_What you will do_. Repeat every record below exactly, but leave out any pictures.

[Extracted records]
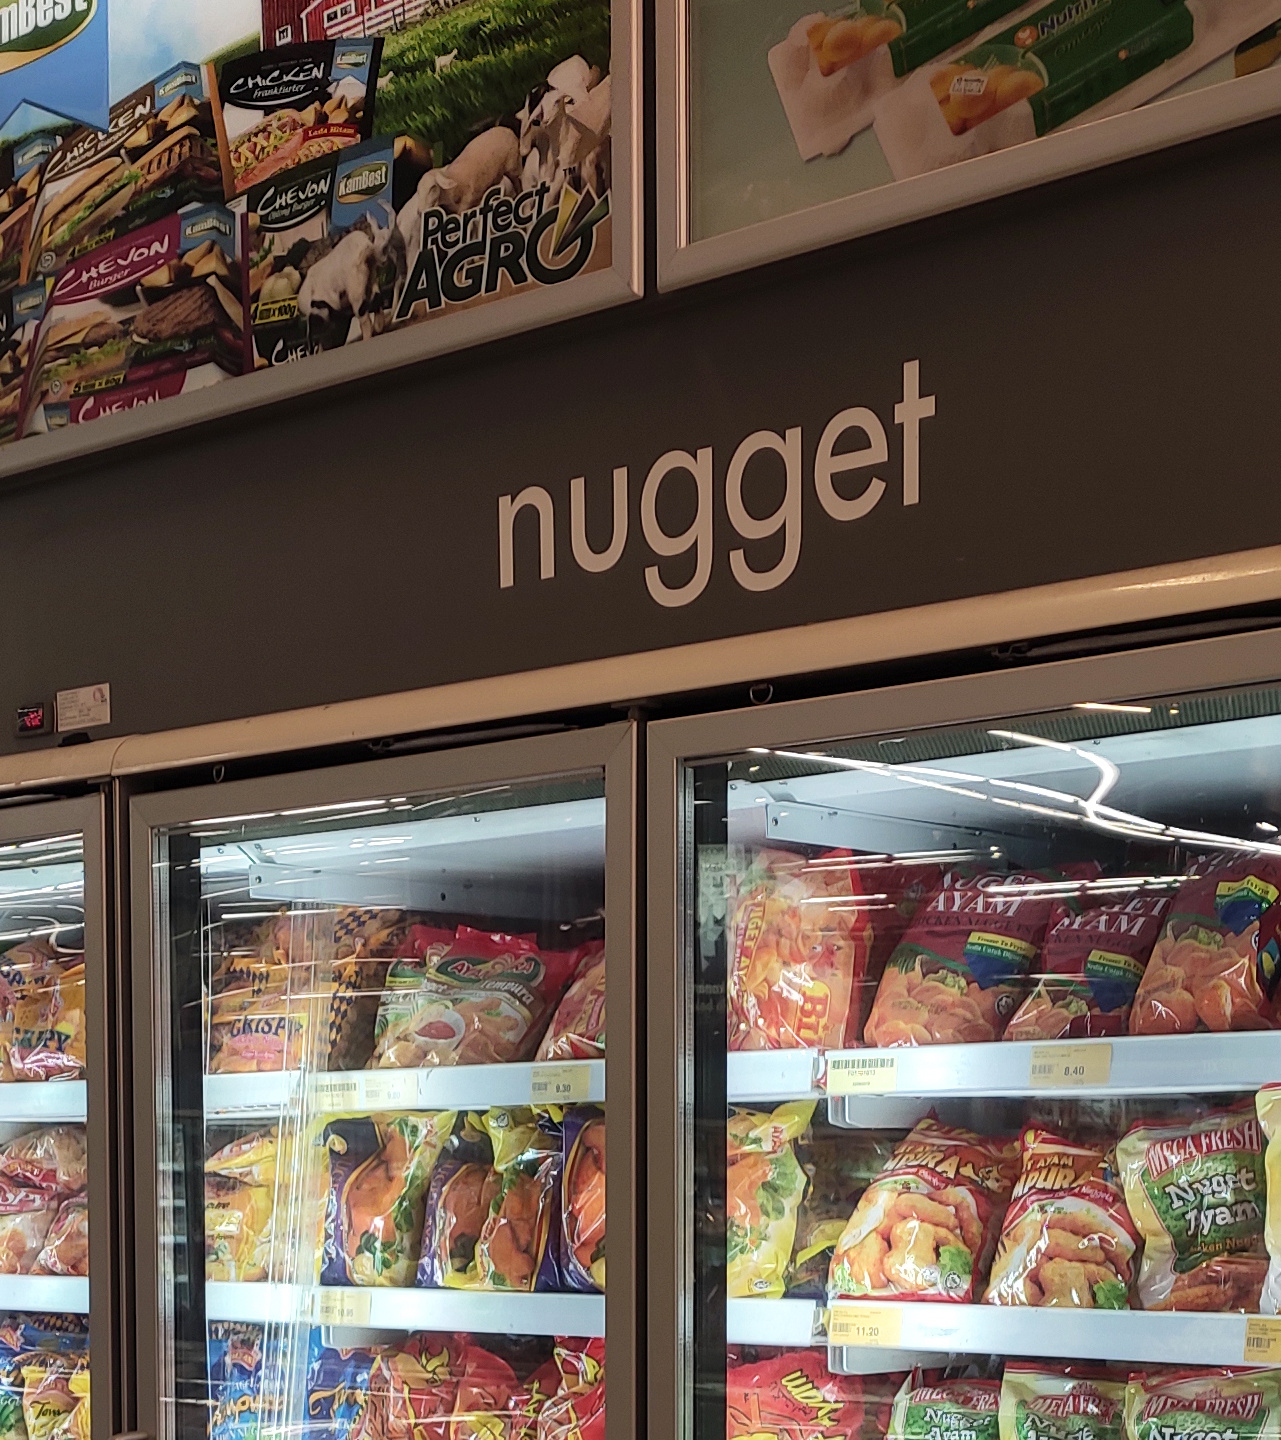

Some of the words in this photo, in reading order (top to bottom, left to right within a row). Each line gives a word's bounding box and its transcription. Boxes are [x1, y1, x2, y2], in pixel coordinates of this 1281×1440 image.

[257, 172, 332, 216] CHEVON
[338, 165, 388, 197] KamBest
[423, 180, 550, 252] Perfect
[53, 235, 169, 297] CHEVON
[89, 266, 131, 290] Burger
[395, 184, 611, 320] AGRO
[498, 359, 936, 608] nugget
[1147, 1136, 1196, 1180] MEGA
[1199, 1121, 1262, 1153] FRESH

_Task solution_.
Some of the words in this photo, in reading order (top to bottom, left to right within a row). Each line gives a word's bounding box and its transcription. Boxes are [x1, y1, x2, y2], in pixel coordinates of this 1281×1440 image.

[257, 172, 332, 216] CHEVON
[338, 165, 388, 197] KamBest
[423, 180, 550, 252] Perfect
[53, 235, 169, 297] CHEVON
[89, 266, 131, 290] Burger
[395, 184, 611, 320] AGRO
[498, 359, 936, 608] nugget
[1147, 1136, 1196, 1180] MEGA
[1199, 1121, 1262, 1153] FRESH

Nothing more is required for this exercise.